Her mother pulled a pan of biscuits from the double-stacked oven and slid it with practiced efficiency onto a stone trivet on the wood counter. Harper made a fast grab for one and just as quickly snatched her hand back when her mother swatted at her with a wooden spoon.

“You know they’re best when they’ve cooled a little. Sit and drink your coffee.”

Harper pulled out a straight-backed wood chair with a leather seat shaped to comfort by decades of occupants, plopped down at the table in her usual place, and stretched her legs toward the hearth.

“You’re up early,” her mother said, sliding a mug of coffee in front of her. She regarded Harper with the direct gaze guaranteed to make Harper squirm when she was keeping something secret, although she hadn’t had secrets in a long time. At least none that her mother needed to know about. She tried hard not to fidget and searched her memory for a forgotten birthday or a missed family gathering. Ida Rivers was big on meeting family obligations.

“Or,” her mother went on, “have you not been to bed at all?”

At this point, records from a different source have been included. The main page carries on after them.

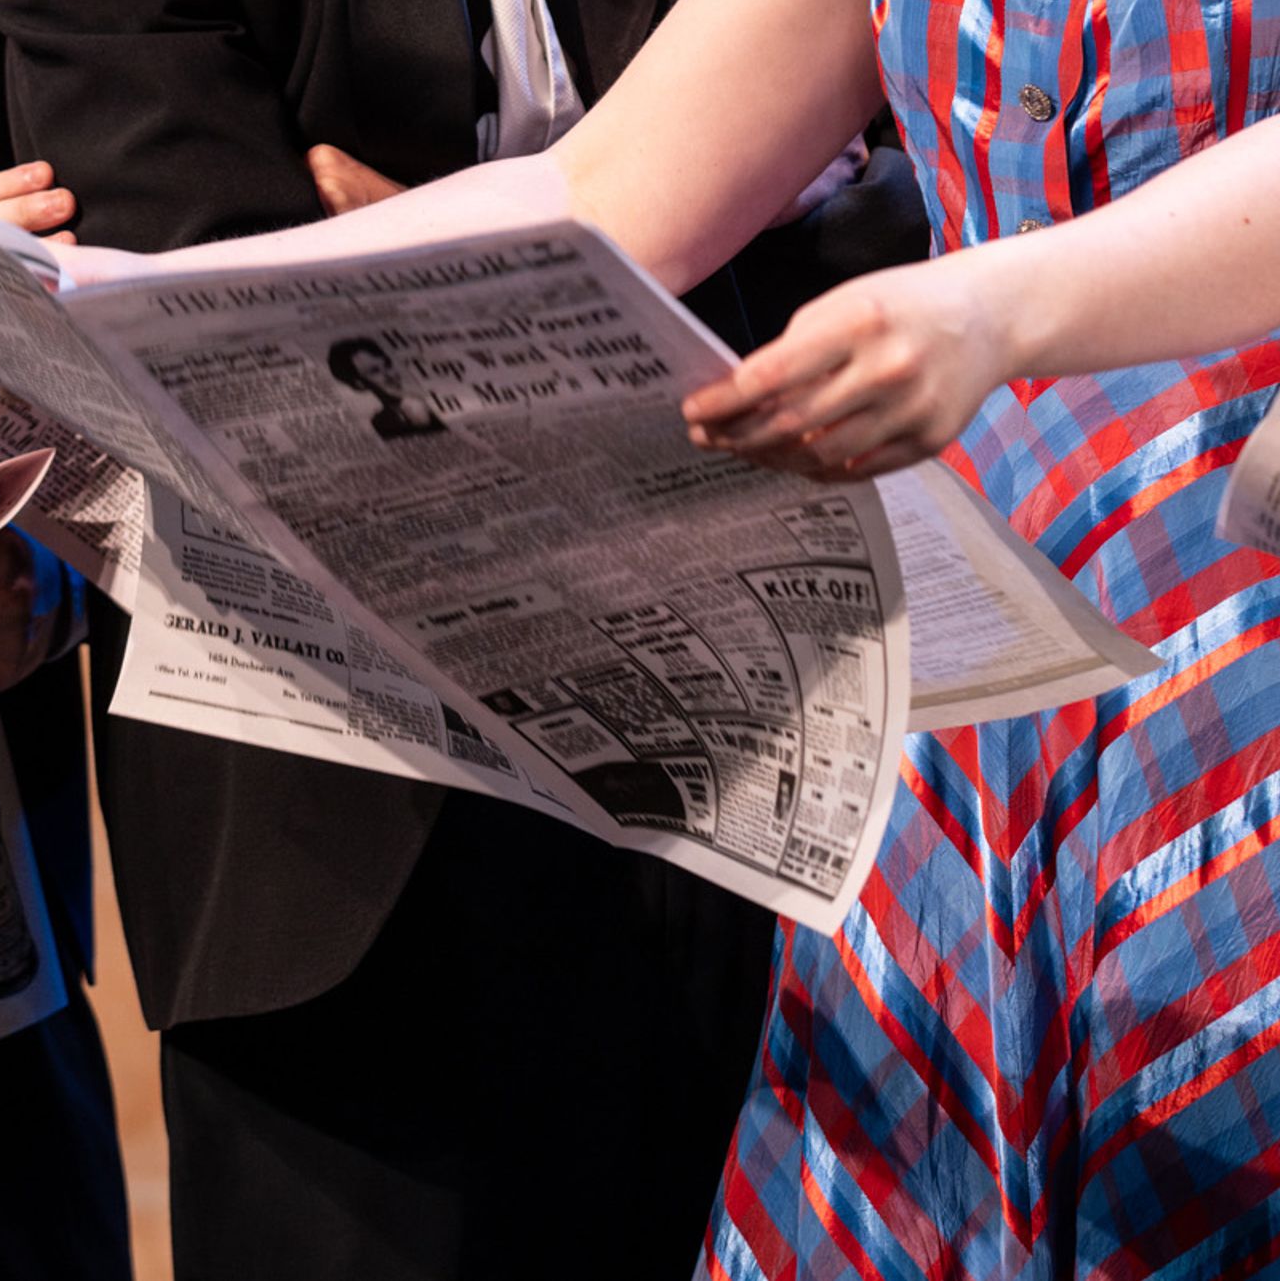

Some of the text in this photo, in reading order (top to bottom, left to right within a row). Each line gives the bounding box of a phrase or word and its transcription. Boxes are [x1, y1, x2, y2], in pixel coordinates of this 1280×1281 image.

[381, 305, 621, 353] Hynes and Powers
[405, 331, 652, 384] Top Ward Voting
[427, 357, 672, 413] In Mayor's Fight
[763, 577, 872, 606] KICK-OFF!
[163, 612, 230, 640] GERALD
[233, 629, 245, 645] J.
[251, 631, 322, 662] VALLATI
[326, 649, 348, 668] CO.
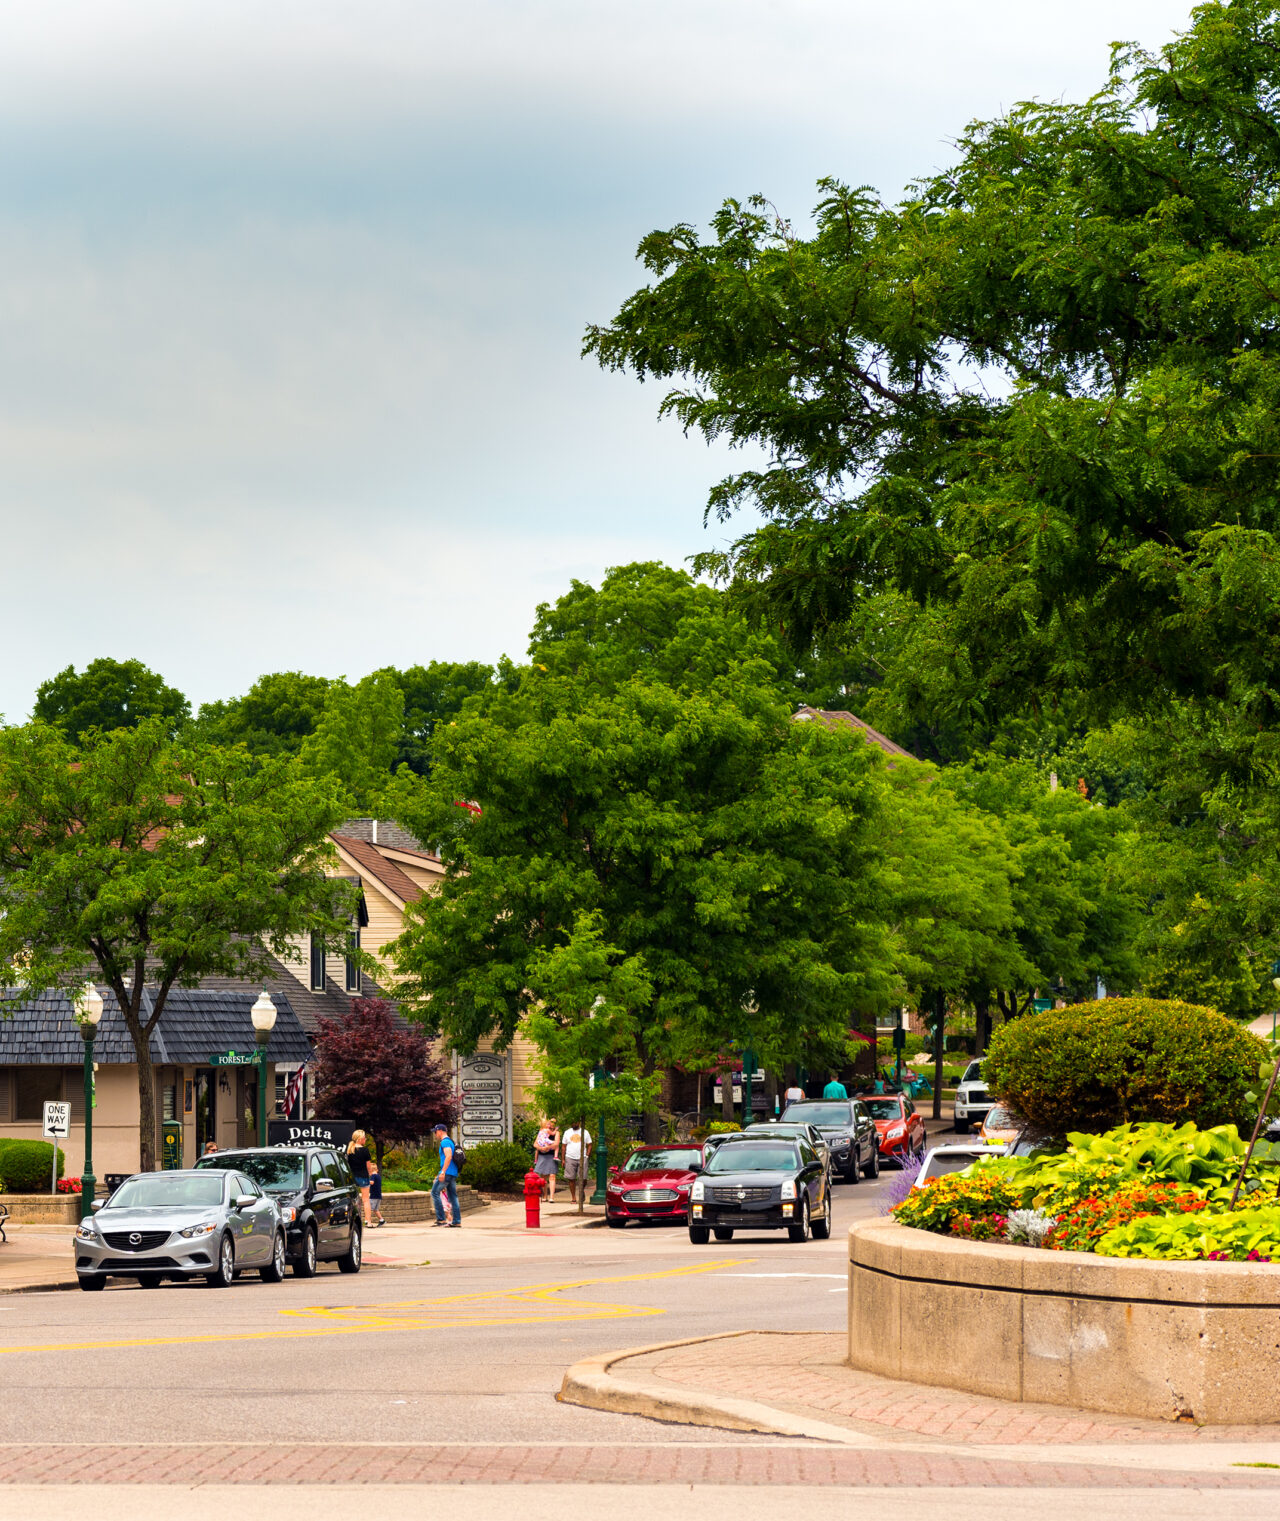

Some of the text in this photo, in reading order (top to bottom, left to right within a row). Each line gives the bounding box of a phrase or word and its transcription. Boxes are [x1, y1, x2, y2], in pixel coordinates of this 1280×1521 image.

[218, 1055, 245, 1064] FOREST
[48, 1105, 66, 1115] ONE
[47, 1115, 66, 1124] WAY
[288, 1125, 332, 1140] Delta

Relaxing now that she realized she hadn’t committed a family sin, Harper sipped the strong black coffee and gave a sigh of contentment. The run and the familiar scents and sights of her mother’s kitchen drained away the lingering twists of tension from the last few hours. “Mary Campbell decided to deliver a little early. Her labor took most of the night.”

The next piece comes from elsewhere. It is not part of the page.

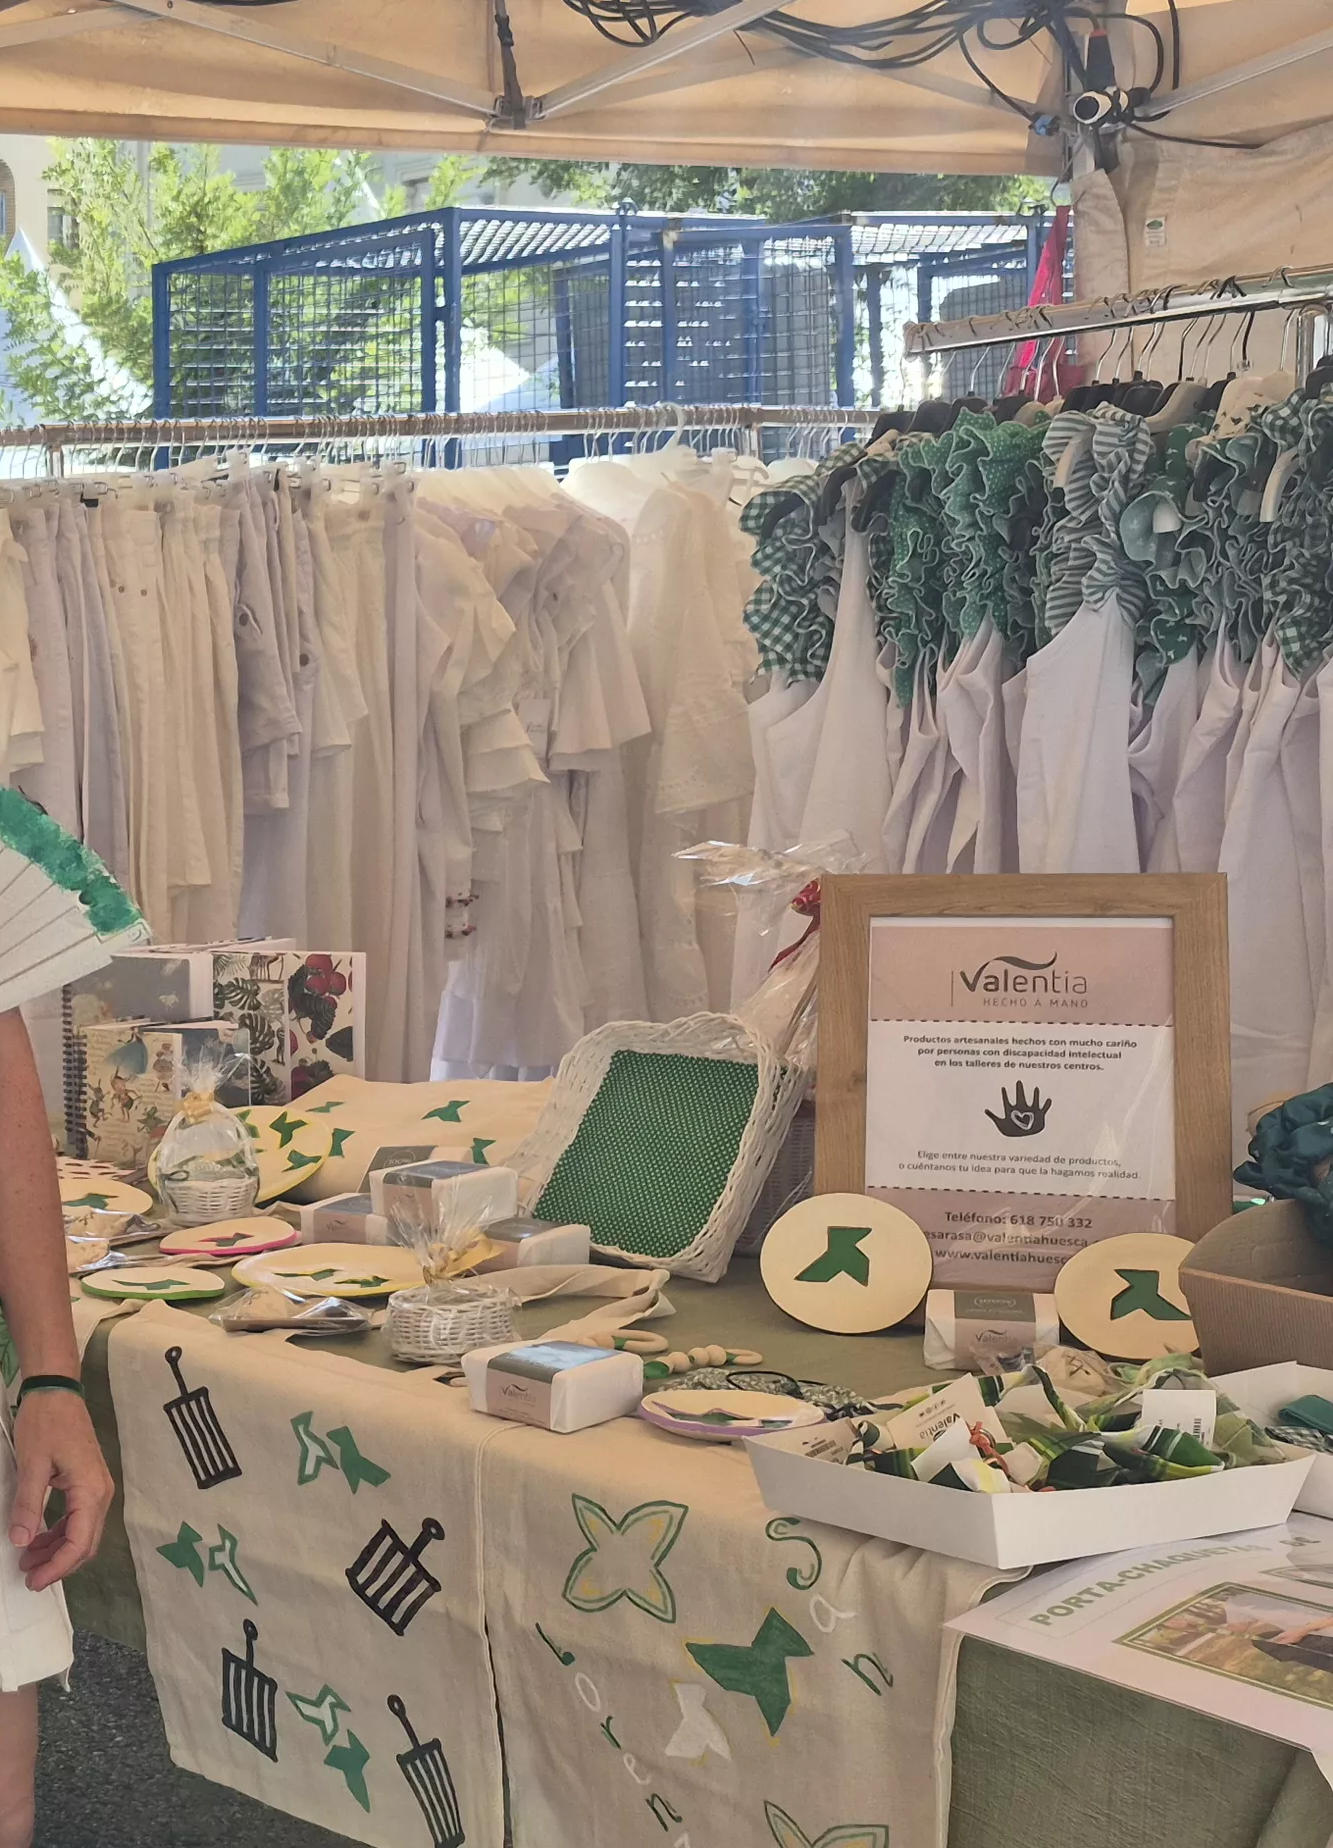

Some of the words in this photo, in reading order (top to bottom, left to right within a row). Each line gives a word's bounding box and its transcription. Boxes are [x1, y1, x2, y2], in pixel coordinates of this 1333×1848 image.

“First times can be like that. Everybody doing all right?” Her mother sounded interested despite having undoubtedly heard the same story in countless ways from Harper’s father over the last thirty years. Maybe truly caring helped make up for all the times Harper’s father hadn’t been around when her mother would have liked him to be.

“Everybody’s fine, including Tim. I thought for a while I’d have to get him a bed next to Mary’s.”

Ida laughed. “First-time fathers. Worse than the mothers by a long shot.”

“You got that right.” Harper grinned, leaned over, and snagged a biscuit without getting swatted this time. “I saw that Dad’s SUV is gone. I thought he wasn’t going to take night calls anymore.”

Ida huffed. “Yes, and we won’t be planting the lower forty again either.”

Harper nodded as she buttered the flakey biscuit. Neither was likely to happen in her lifetime. Her father was an old-time country physician, just like she was, and if the call came, it went against the grain to tell the patient to go to the emergency room. Not when all it meant was getting out of bed, pulling on a pair of jeans and a flannel shirt, kicking into boots, and driving through the quiet country night with the company of the deer and possum and raccoons who appeared in the headlights, stared for a moment as if questioning why you were intruding on their domain, and bounded off into the underbrush with a dismissive swish of a tail. Those moments were among the most peaceful she’d ever known. Why would she pass those up while denying her patients the care of a doctor who knew them, and whom they trusted, at the same time?

“I told him I’d take his calls. I know all his patients.”

“You ought to—you’ve been going out with him since you were ten.”

“So you work on him—he’s earned a full night’s sleep.”

Ida speared her with a glance. “You think you’ll be ready to turn your patients over to someone else in another twenty-five years?”

“Okay, maybe not.” Harper didn’t think of medicine as a job, but as a responsibility, one she’d wanted since the first time she’d rode beside her father in the front seat of a Ford pickup with his big battered black bag between them, making house calls. She loved being greeted at the door by a friend or neighbor who opened their home to her and put their life in her hands because they trusted her. What she did mattered, and in her heart of hearts, she didn’t think anyone else could do it as well. Except her father. “Maybe I can get him to cross-cover with me now and then. At least he’ll get a few nights off that way.”